*DATASET CONTENT*.
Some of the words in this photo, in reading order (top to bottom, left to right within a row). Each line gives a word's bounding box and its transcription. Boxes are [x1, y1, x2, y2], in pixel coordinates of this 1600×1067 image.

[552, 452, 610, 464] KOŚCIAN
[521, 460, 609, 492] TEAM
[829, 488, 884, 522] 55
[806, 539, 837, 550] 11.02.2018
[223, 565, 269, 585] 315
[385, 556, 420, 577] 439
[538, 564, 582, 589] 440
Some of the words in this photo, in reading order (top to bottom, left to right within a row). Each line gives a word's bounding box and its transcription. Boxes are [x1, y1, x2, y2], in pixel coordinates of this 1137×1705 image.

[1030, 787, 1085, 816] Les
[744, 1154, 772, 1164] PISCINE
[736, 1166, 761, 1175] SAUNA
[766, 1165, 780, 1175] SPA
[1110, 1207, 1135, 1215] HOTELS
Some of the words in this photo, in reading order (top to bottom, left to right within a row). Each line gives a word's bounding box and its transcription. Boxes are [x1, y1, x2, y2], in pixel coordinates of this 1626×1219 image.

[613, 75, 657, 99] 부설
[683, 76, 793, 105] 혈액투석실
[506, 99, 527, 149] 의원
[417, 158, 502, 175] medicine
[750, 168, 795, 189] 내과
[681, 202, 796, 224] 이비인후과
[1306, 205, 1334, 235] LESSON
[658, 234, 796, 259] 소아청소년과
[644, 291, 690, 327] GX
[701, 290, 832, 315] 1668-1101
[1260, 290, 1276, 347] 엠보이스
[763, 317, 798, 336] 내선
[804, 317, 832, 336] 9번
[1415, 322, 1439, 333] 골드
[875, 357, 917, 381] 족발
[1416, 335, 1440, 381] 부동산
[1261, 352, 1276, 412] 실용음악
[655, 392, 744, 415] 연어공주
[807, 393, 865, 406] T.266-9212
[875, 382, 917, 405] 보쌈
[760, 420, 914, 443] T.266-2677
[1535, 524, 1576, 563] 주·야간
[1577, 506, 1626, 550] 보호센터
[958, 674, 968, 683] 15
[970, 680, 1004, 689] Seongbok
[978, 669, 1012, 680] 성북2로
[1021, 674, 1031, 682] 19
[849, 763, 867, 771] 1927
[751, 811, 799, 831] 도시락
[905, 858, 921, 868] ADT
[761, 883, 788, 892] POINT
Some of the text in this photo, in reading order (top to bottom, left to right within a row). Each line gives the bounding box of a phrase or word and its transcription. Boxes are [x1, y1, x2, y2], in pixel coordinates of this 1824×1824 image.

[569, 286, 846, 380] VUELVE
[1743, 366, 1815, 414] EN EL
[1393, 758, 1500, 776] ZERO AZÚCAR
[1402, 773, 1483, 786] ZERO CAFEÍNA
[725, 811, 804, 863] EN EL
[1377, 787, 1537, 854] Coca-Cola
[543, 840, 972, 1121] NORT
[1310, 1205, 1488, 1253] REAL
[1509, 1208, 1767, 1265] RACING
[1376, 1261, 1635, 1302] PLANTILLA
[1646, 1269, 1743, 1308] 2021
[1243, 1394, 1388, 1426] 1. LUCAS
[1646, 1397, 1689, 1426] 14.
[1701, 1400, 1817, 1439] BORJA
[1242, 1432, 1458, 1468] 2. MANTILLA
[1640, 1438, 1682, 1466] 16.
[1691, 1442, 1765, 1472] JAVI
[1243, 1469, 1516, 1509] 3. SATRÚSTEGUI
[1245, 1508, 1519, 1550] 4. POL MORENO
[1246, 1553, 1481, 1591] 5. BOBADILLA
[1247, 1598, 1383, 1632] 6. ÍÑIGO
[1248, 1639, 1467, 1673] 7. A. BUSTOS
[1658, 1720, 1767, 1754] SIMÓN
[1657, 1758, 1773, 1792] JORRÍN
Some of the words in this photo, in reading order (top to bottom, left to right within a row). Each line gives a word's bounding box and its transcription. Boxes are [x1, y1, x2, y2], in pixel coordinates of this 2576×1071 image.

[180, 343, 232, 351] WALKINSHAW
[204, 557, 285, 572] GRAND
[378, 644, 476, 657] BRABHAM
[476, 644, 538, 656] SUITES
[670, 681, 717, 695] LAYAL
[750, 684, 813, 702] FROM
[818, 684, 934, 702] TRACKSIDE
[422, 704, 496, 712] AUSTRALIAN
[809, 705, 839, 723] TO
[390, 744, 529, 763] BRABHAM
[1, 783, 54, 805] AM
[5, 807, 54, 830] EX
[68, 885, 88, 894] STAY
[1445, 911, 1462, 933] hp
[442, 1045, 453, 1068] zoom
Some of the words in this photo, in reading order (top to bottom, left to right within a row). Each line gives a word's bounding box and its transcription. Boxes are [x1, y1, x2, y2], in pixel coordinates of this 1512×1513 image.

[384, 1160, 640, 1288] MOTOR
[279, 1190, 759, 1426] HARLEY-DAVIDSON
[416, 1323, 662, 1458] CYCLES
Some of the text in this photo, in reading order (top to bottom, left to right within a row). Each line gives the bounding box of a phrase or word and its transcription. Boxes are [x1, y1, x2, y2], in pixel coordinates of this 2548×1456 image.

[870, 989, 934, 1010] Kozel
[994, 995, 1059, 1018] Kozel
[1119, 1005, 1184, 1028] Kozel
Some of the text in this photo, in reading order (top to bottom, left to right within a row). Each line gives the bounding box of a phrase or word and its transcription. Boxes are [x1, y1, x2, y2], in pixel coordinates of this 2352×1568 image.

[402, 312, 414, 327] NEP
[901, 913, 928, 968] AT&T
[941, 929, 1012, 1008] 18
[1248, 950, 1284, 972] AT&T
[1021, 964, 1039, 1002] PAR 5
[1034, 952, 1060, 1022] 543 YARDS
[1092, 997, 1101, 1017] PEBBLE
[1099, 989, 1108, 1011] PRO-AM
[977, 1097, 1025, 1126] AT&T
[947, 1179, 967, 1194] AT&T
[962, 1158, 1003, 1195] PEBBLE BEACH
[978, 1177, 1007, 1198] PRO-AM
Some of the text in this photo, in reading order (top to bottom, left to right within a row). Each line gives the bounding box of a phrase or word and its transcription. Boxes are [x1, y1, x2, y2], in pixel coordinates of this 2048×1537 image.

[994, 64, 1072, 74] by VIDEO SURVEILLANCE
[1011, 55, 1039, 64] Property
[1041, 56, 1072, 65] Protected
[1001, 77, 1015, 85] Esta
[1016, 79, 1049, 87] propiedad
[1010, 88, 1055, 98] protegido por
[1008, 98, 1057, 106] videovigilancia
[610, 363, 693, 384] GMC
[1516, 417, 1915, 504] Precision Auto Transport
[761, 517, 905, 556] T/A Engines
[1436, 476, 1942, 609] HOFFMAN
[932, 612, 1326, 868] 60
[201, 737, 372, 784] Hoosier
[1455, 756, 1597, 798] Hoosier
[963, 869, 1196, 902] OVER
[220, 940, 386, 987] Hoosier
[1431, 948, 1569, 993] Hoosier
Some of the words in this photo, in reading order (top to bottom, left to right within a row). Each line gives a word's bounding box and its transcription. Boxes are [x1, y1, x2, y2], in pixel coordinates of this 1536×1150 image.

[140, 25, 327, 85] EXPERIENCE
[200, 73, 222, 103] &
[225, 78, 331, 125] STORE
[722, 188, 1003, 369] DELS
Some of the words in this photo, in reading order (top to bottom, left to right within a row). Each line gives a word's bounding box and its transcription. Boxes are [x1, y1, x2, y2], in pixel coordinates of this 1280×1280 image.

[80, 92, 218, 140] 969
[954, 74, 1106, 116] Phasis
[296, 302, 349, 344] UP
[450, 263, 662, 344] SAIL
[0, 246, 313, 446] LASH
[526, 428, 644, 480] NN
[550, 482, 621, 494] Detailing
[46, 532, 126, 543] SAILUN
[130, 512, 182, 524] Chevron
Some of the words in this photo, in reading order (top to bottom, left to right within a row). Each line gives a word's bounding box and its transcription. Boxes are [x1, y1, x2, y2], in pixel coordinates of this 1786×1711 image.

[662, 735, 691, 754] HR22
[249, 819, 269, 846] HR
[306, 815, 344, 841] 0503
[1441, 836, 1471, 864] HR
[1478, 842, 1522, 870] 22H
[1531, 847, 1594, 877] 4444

*WHAT THE TASK REQUIRES*.
Look above for the line that contains "this 1786×1711 image.". That line and every line after it through the end of the data must be written out exactly, with nothing else.

*RESPONSE*.
Some of the words in this photo, in reading order (top to bottom, left to right within a row). Each line gives a word's bounding box and its transcription. Boxes are [x1, y1, x2, y2], in pixel coordinates of this 1786×1711 image.

[662, 735, 691, 754] HR22
[249, 819, 269, 846] HR
[306, 815, 344, 841] 0503
[1441, 836, 1471, 864] HR
[1478, 842, 1522, 870] 22H
[1531, 847, 1594, 877] 4444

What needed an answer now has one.